----- Given records -----

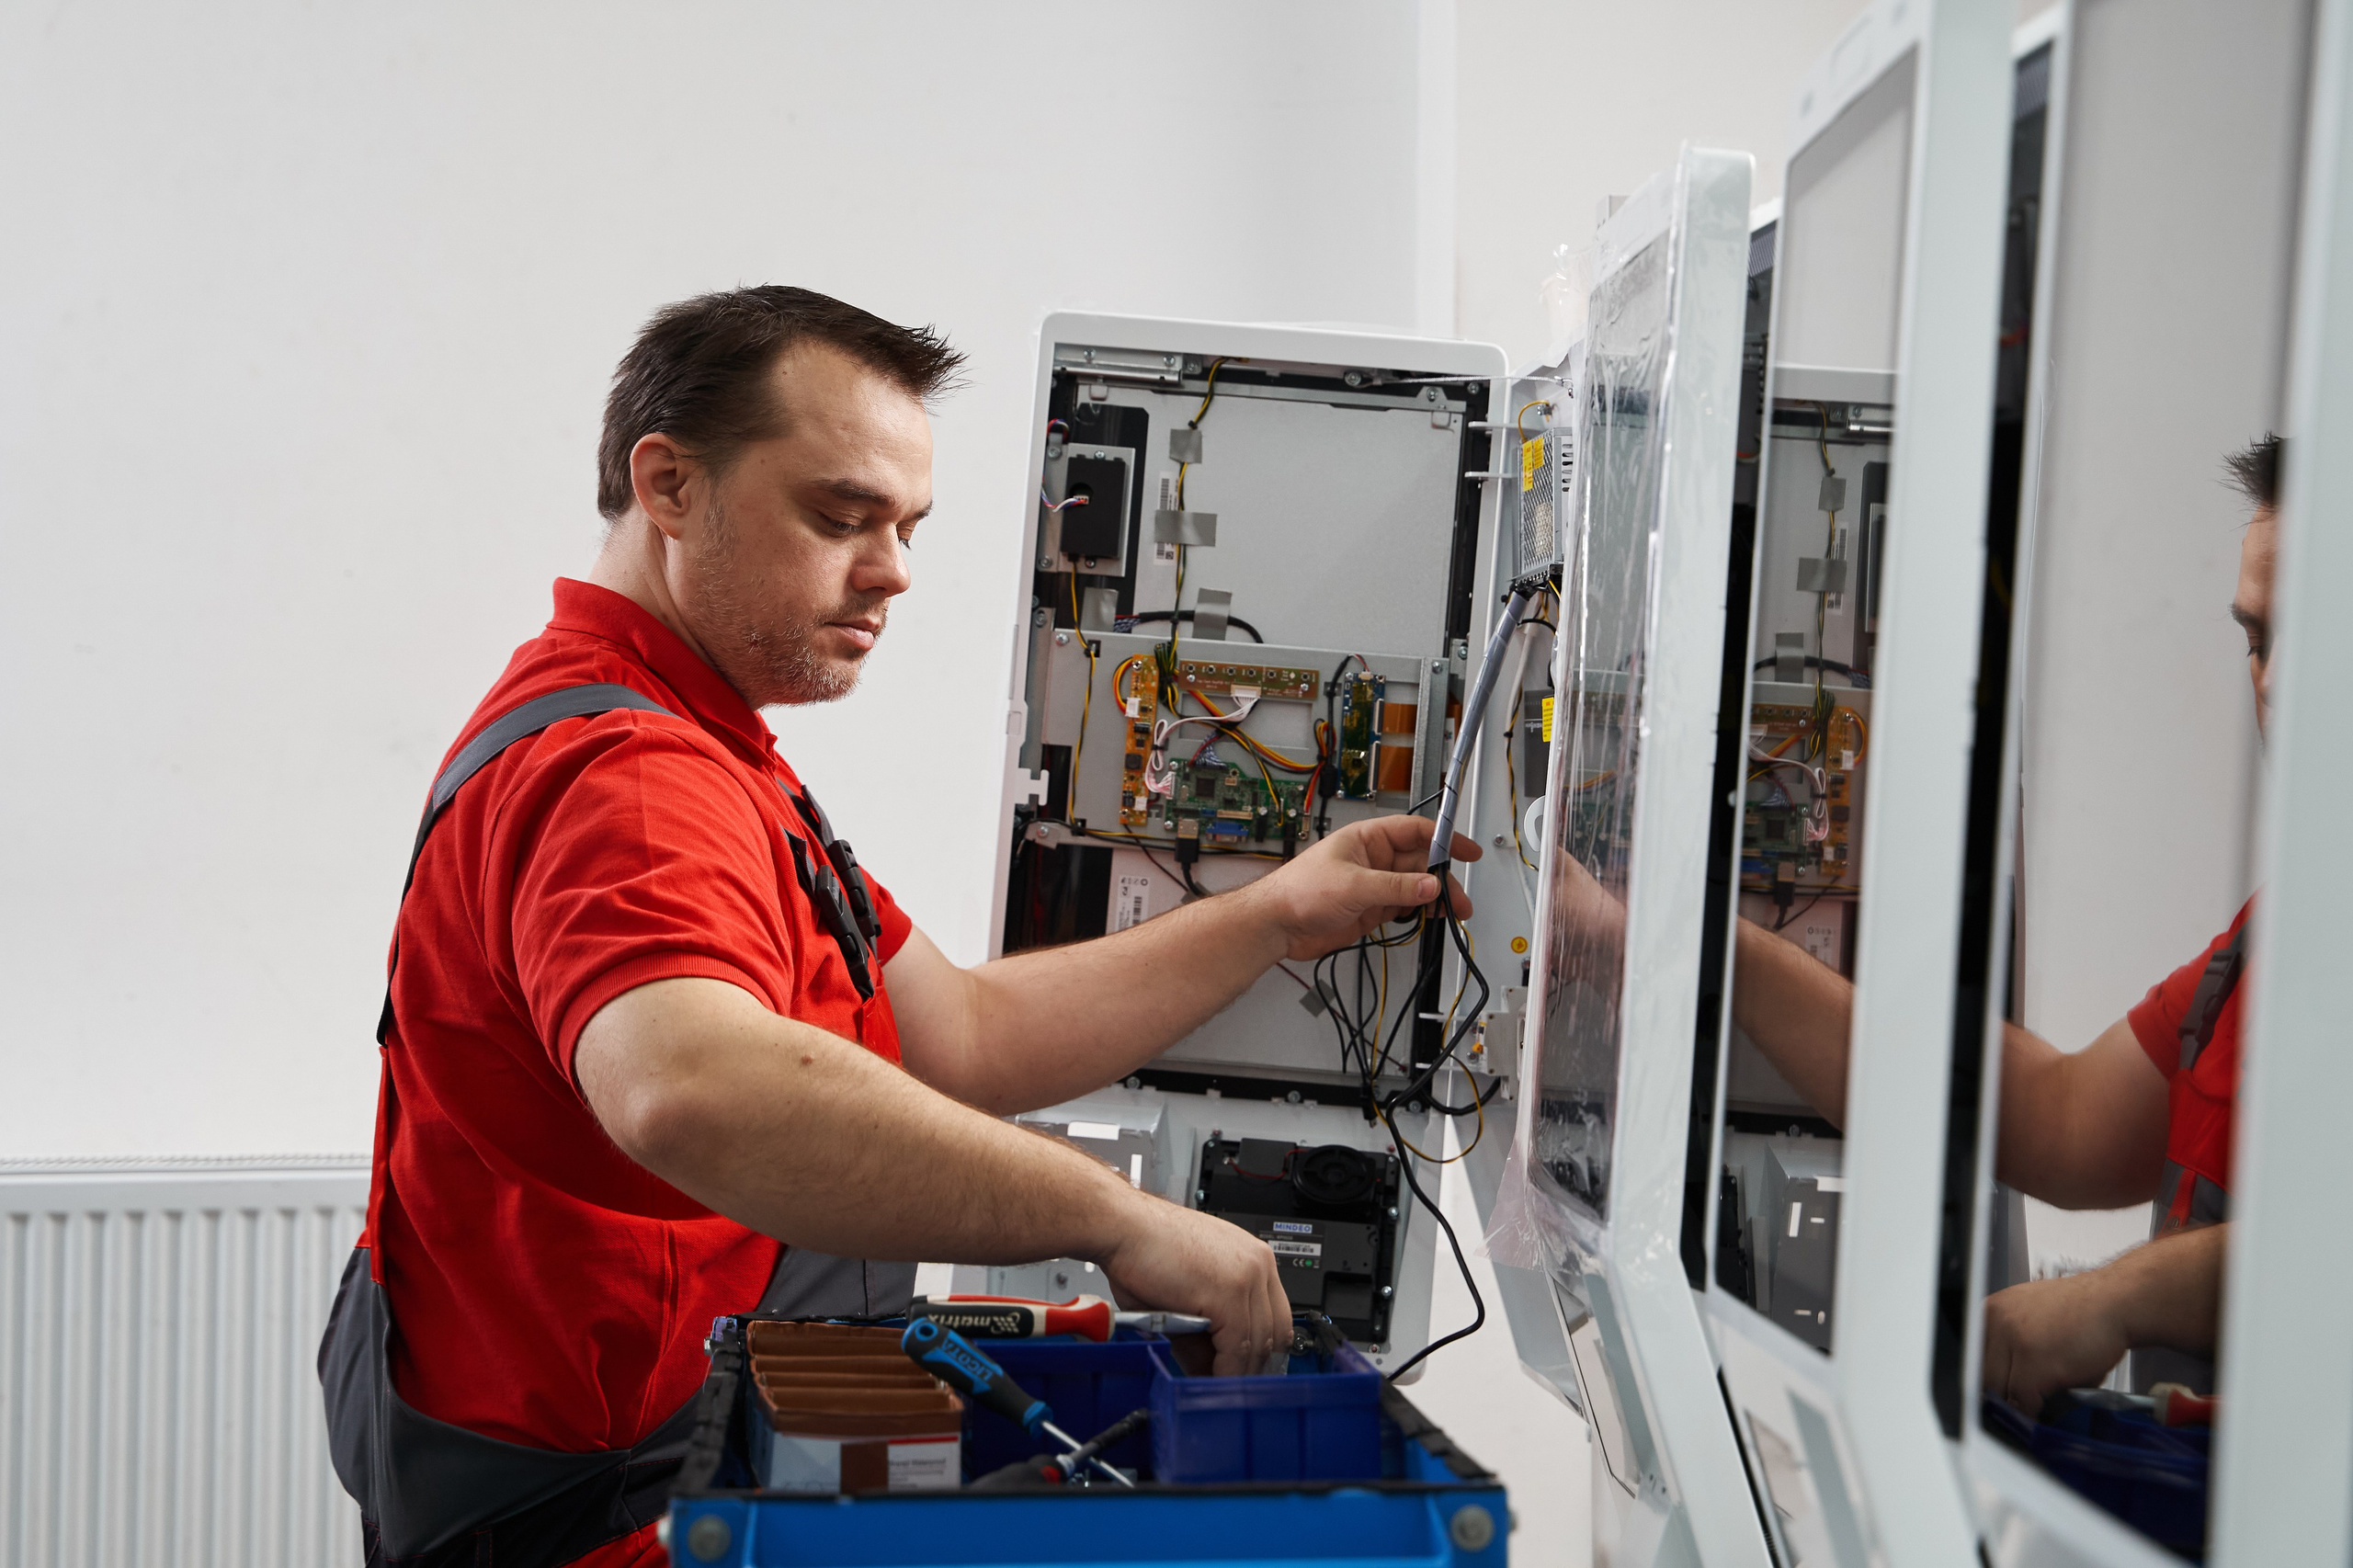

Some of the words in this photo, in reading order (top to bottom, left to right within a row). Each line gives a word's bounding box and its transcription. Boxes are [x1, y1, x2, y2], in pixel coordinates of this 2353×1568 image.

[1274, 1222, 1312, 1233] MINDEO
[927, 1313, 992, 1329] matrix
[940, 1337, 994, 1381] LICOTA
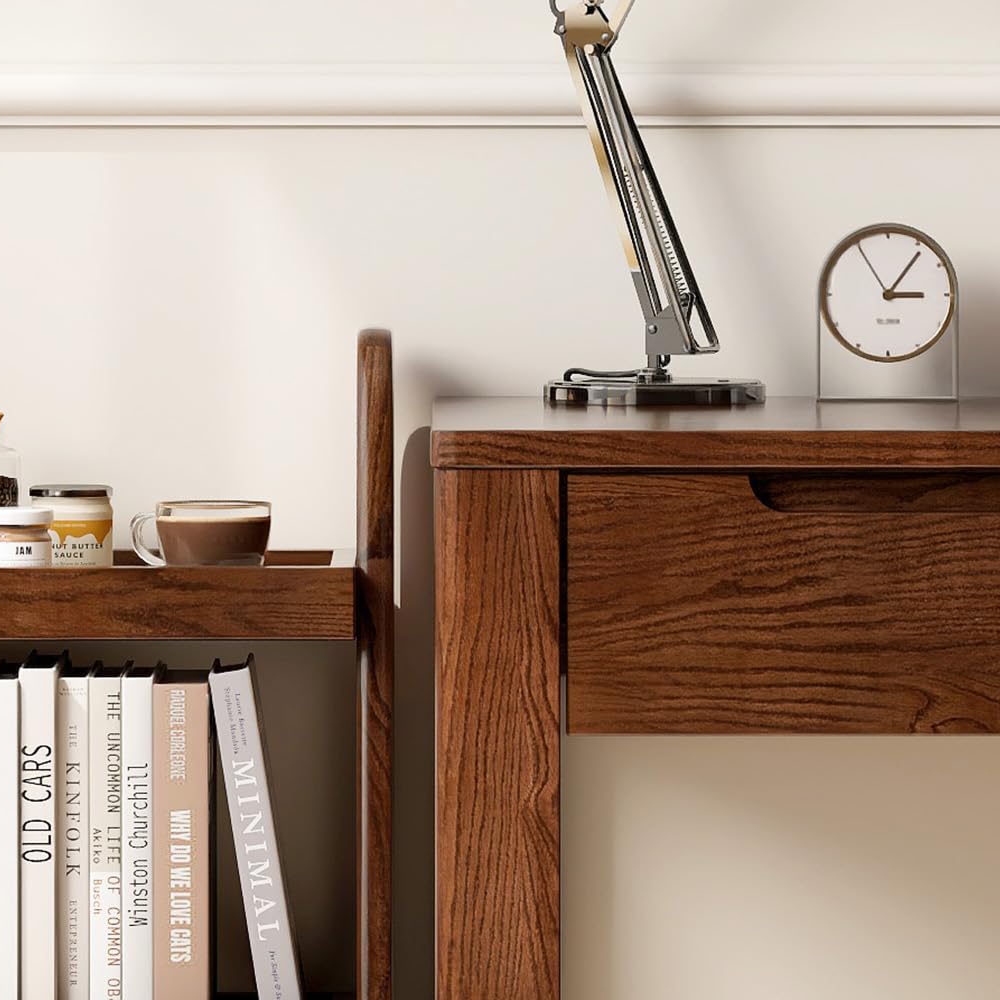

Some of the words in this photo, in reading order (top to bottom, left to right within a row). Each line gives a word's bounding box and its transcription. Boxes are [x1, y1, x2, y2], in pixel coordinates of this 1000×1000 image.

[15, 546, 32, 555] JAM
[107, 692, 120, 720] THE
[69, 725, 78, 748] THE
[22, 744, 52, 802] CARS
[107, 732, 120, 814] UNCOMMON
[66, 762, 80, 876] KINFOLK
[128, 763, 148, 849] Churchill
[22, 819, 52, 862] OLD
[170, 810, 191, 841] WHY
[107, 826, 120, 864] LIFE
[170, 845, 191, 862] DO
[232, 758, 280, 941] MINIMAL
[107, 876, 120, 895] OF
[128, 859, 148, 926] Winston
[170, 867, 191, 888] WE
[93, 879, 102, 916] Busch
[170, 892, 191, 925] LOVE
[107, 907, 120, 966] COMMON
[170, 928, 192, 962] CATS
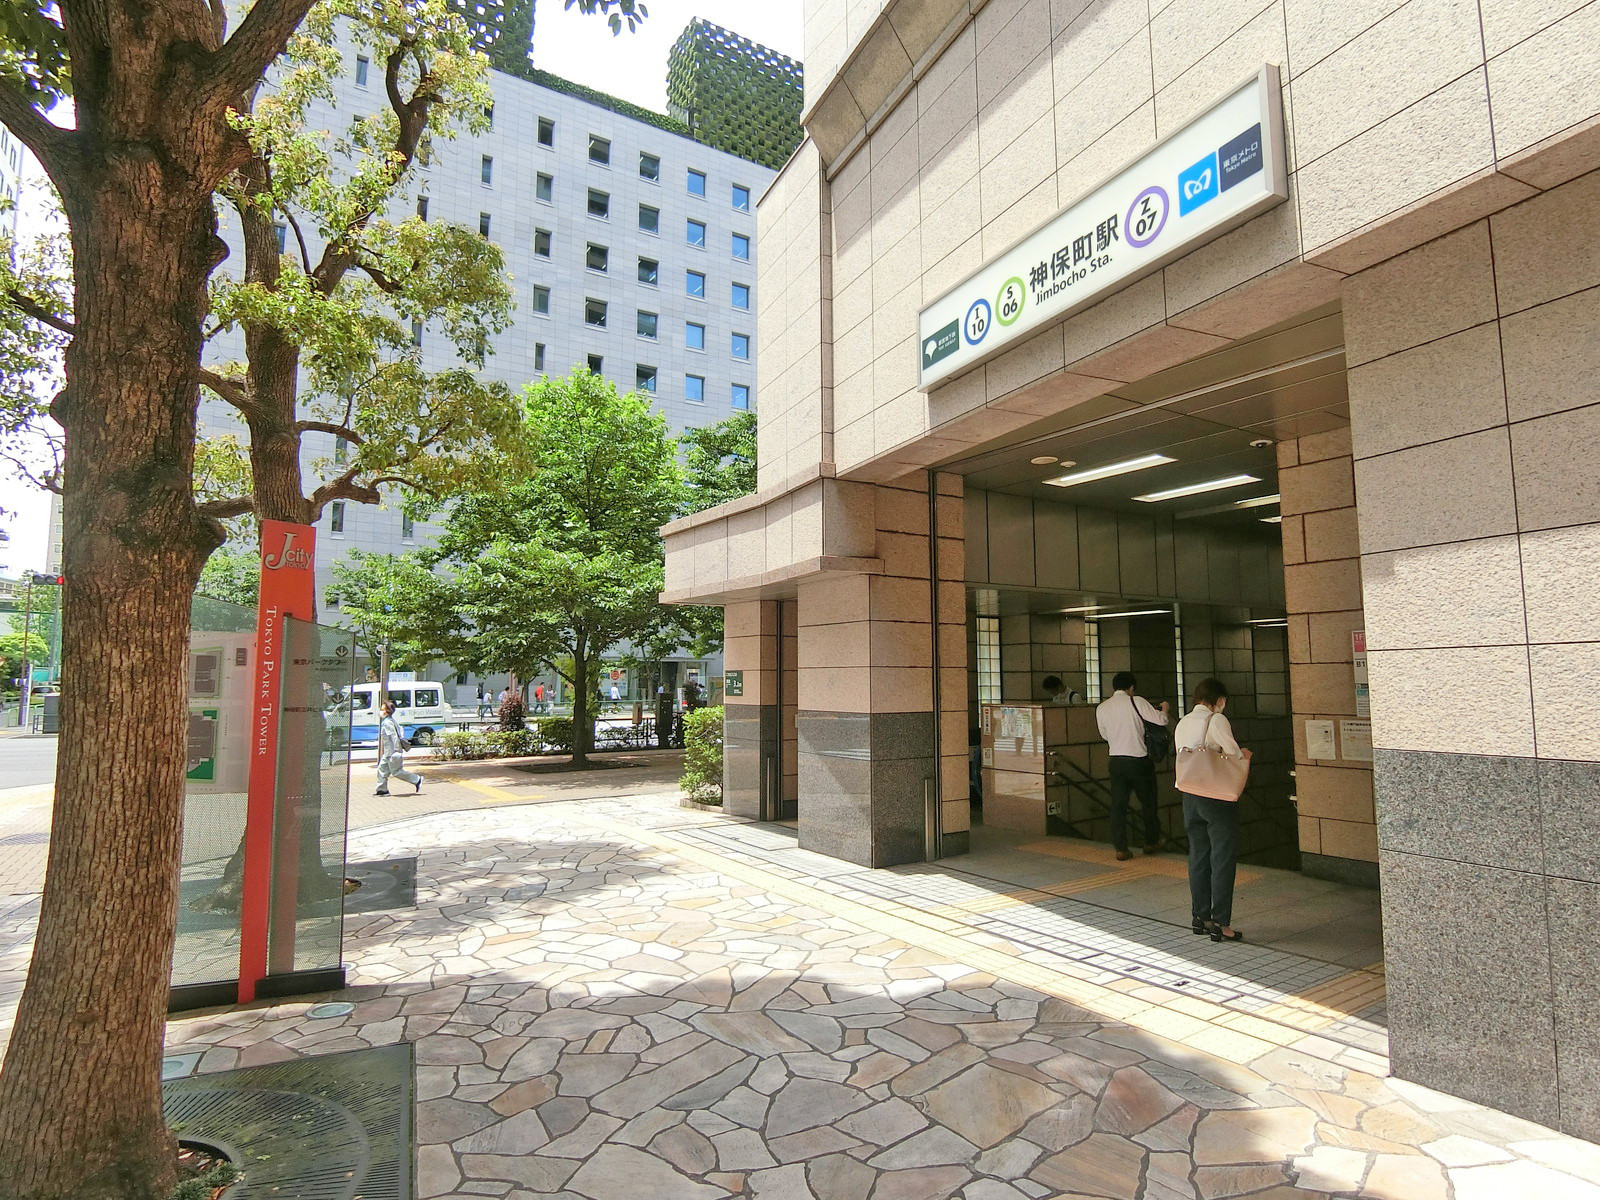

-----

What you need to do: Each entry gets copied exactly; the pictures stay out.

Finished task:
Some of the words in this photo, in reading order (top to bottom, left to right within a row). Each line gives a word's bounding box and its transcription. Boxes are [x1, y1, x2, y2], in pixel coordinates of this 2353×1568 image.

[1274, 1222, 1312, 1233] MINDEO
[927, 1313, 992, 1329] matrix
[940, 1337, 994, 1381] LICOTA

Some of the words in this photo, in reading order (top to bottom, left to right within a row). Each line gives a word's bounding box and its transcription. Boxes are [x1, y1, x2, y2], in pixel coordinates of this 1000×1000 image.

[15, 546, 32, 555] JAM
[107, 692, 120, 720] THE
[69, 725, 78, 748] THE
[22, 744, 52, 802] CARS
[107, 732, 120, 814] UNCOMMON
[66, 762, 80, 876] KINFOLK
[128, 763, 148, 849] Churchill
[22, 819, 52, 862] OLD
[170, 810, 191, 841] WHY
[107, 826, 120, 864] LIFE
[170, 845, 191, 862] DO
[232, 758, 280, 941] MINIMAL
[107, 876, 120, 895] OF
[128, 859, 148, 926] Winston
[170, 867, 191, 888] WE
[93, 879, 102, 916] Busch
[170, 892, 191, 925] LOVE
[107, 907, 120, 966] COMMON
[170, 928, 192, 962] CATS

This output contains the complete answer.